The EDA suggests the small number of warnings reflected both improvements in the device sector and the FDA’s efforts to engage with manufacturers earlier in the process.

“The FDA responds directly and interacts with companies in response to the letter that the inspected company sends to the FDA in response to a 483-deficiency report. In return, it issues fewer Warning Letters. It will be interesting to see if this trend continues in the second half of the year, as it has in the last three years.”

Also in the news

STAT took a look at the impact of Operation Warp Speed, the US Government’s effort to accelerate development of SARS-CoV-2 vaccines and Covid-19 therapies.

US FDA commissioner Stephen Hahn suggested in an op-ed that the coronavirus pandemic underlines the need for the US to make more drugs.

The EMA will require companies developing Covid-19 treatments to publish all clinical trial data.

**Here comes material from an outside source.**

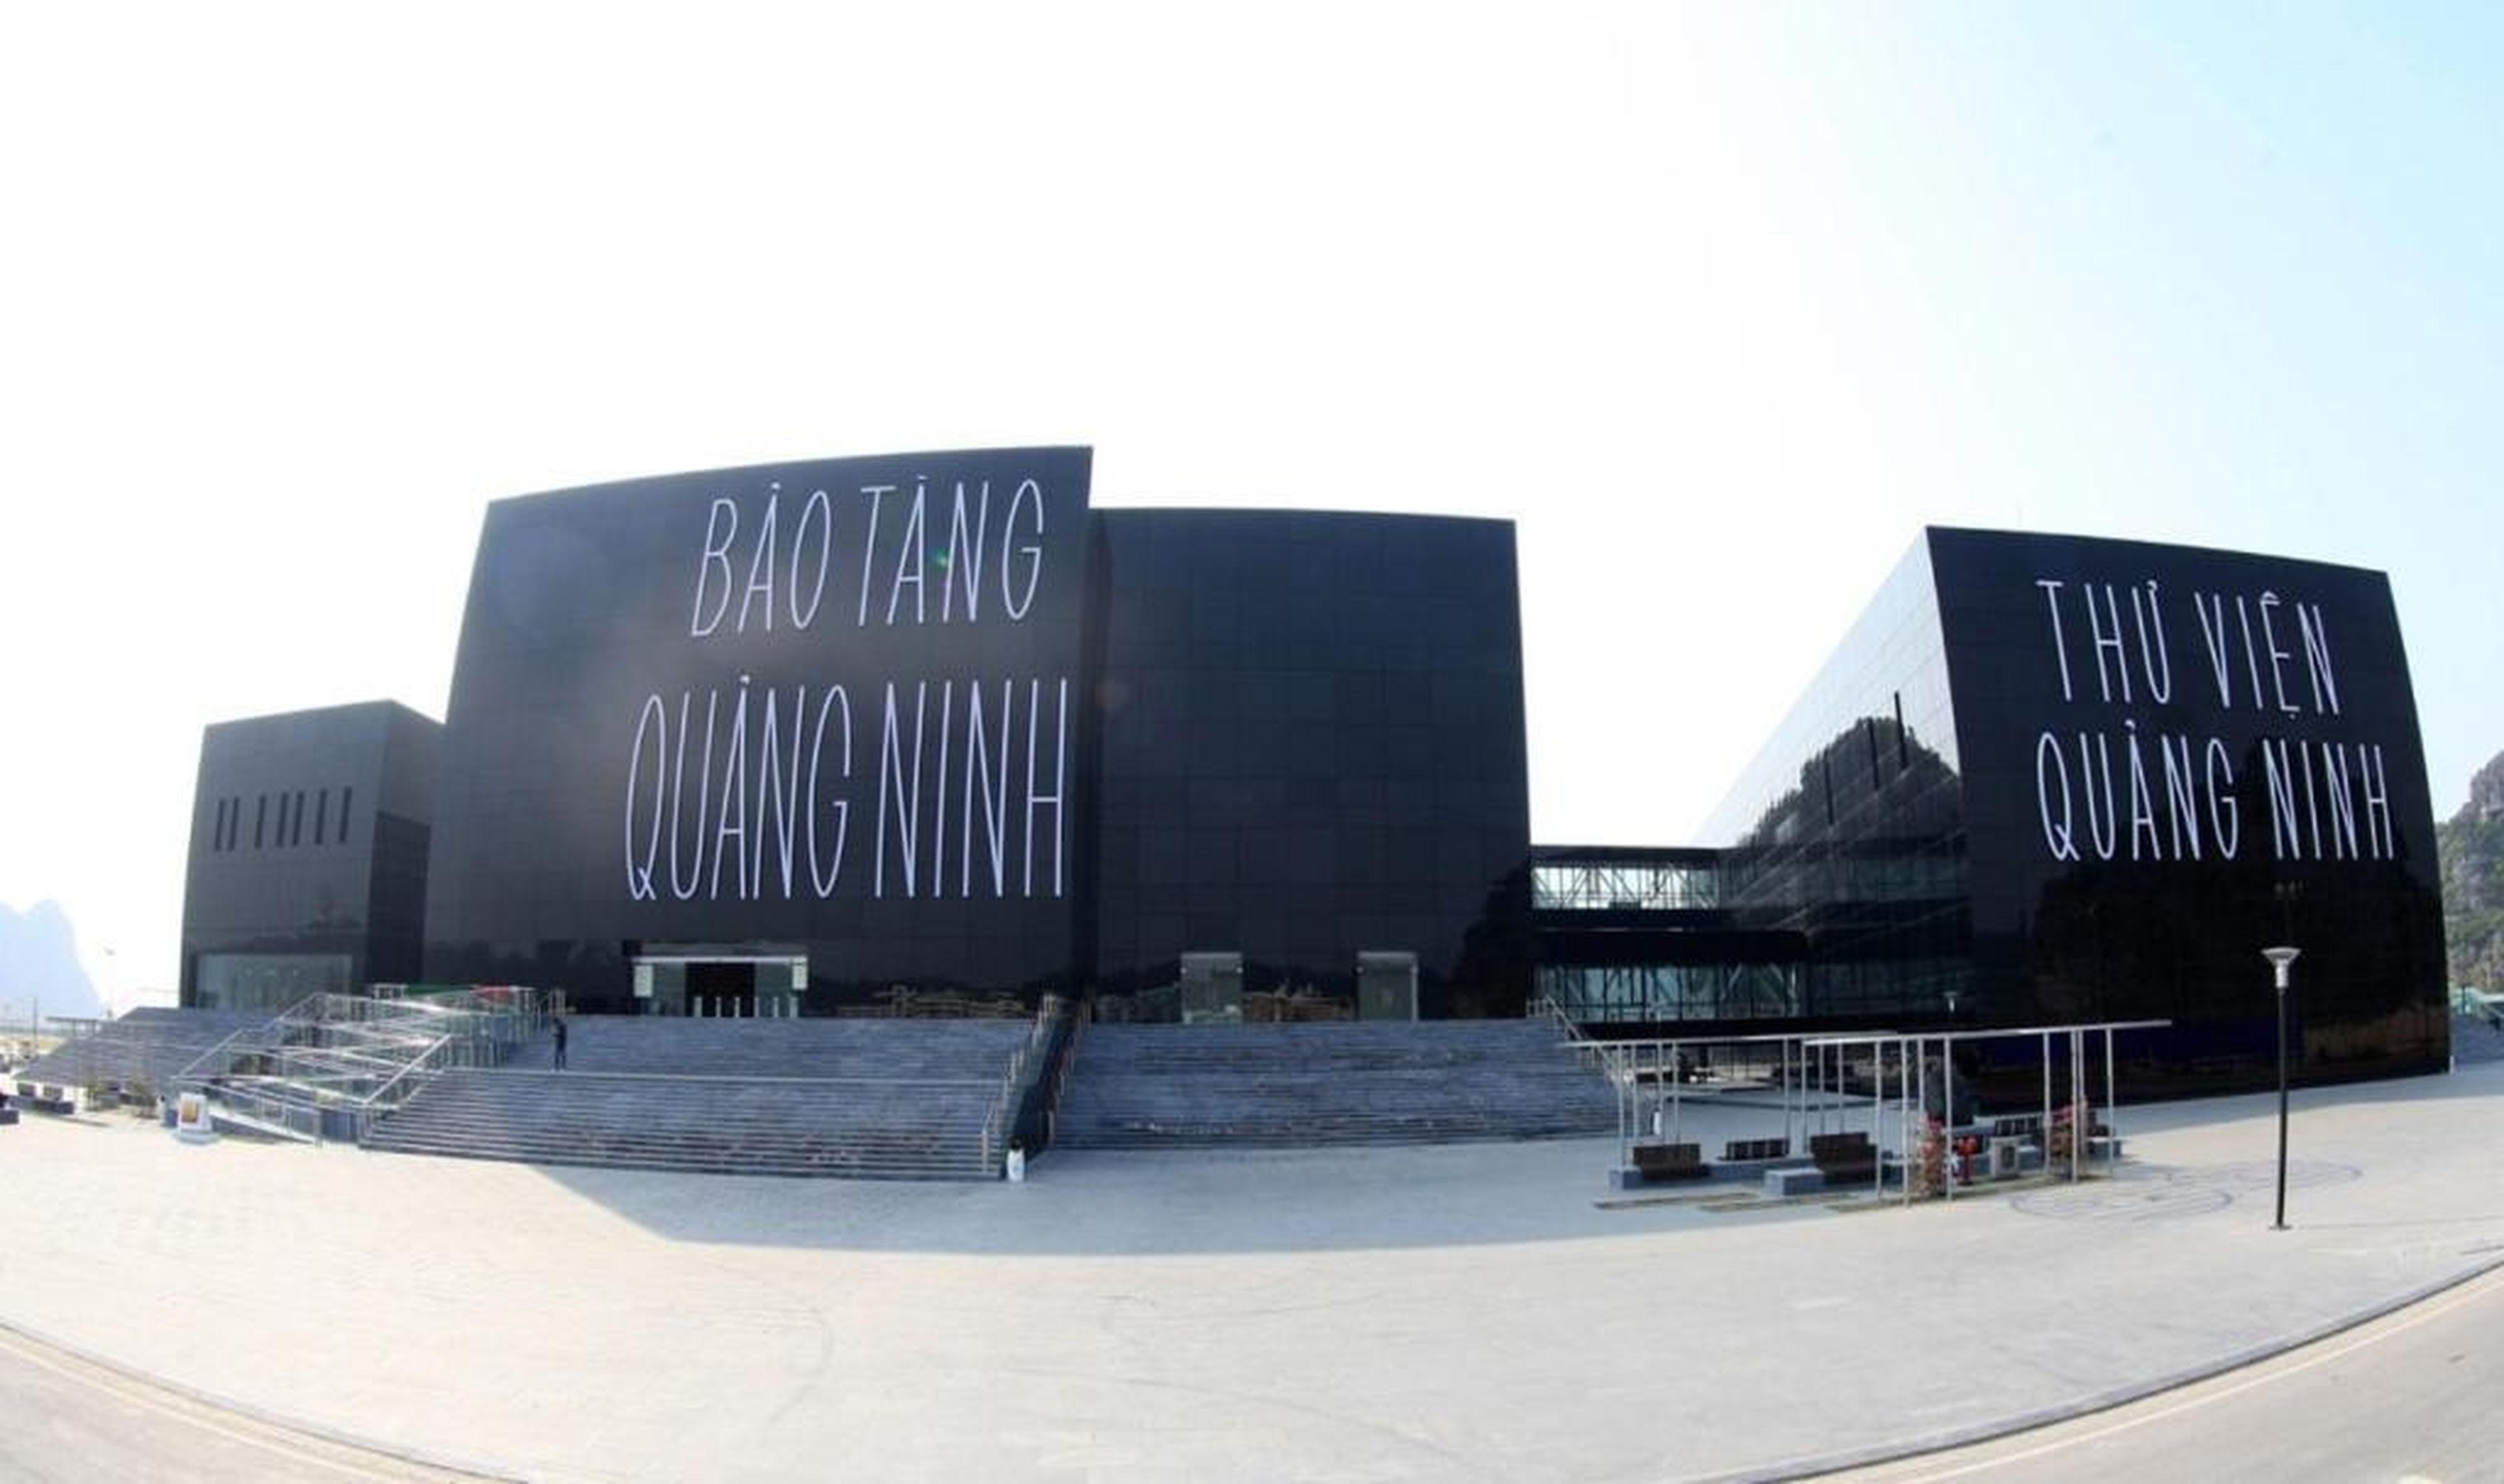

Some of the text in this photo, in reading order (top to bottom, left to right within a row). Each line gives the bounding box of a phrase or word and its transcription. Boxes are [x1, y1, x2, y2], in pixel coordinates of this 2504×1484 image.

The WHO urged governments to ensure access to SARS-CoV-2 vaccines and Covid-19 therapies and prepare for future pandemics in message to the UN general assembly.

Medtech Insight reported growing calls for the EU to rethink deadlines for compliance with new regulations covering in vitro diagnostics. See more here (subscription required).

RAPS reported FDA calls for stakeholders to contribute to upcoming GDUFA talks.

CDMO tends

Some developments of note in the contracting sector:

Catalent will spend $130 million to set up a third gene therapy manufacturing facility at its campus in Harmans, Maryland.

Thermo Fisher Scientific has joined the list of CDMOs that will make INOVIO’s DNA COVID-19 vaccine candidate INO-4800.

Virtual manufacturing site audits should be the new normal according to Jeannie Metzinger, Chief Compliance and Quality Officer at PCI Pharma Services.

Single-use technology firm ILC Dover has bought Solo Containment, a specialist manufacturer of flexible film isolators.

Merck Millipore has announced a €59 million expansion of its HPAPI and ADC manufacturing capacity at its facility near Madison, Wisconsin.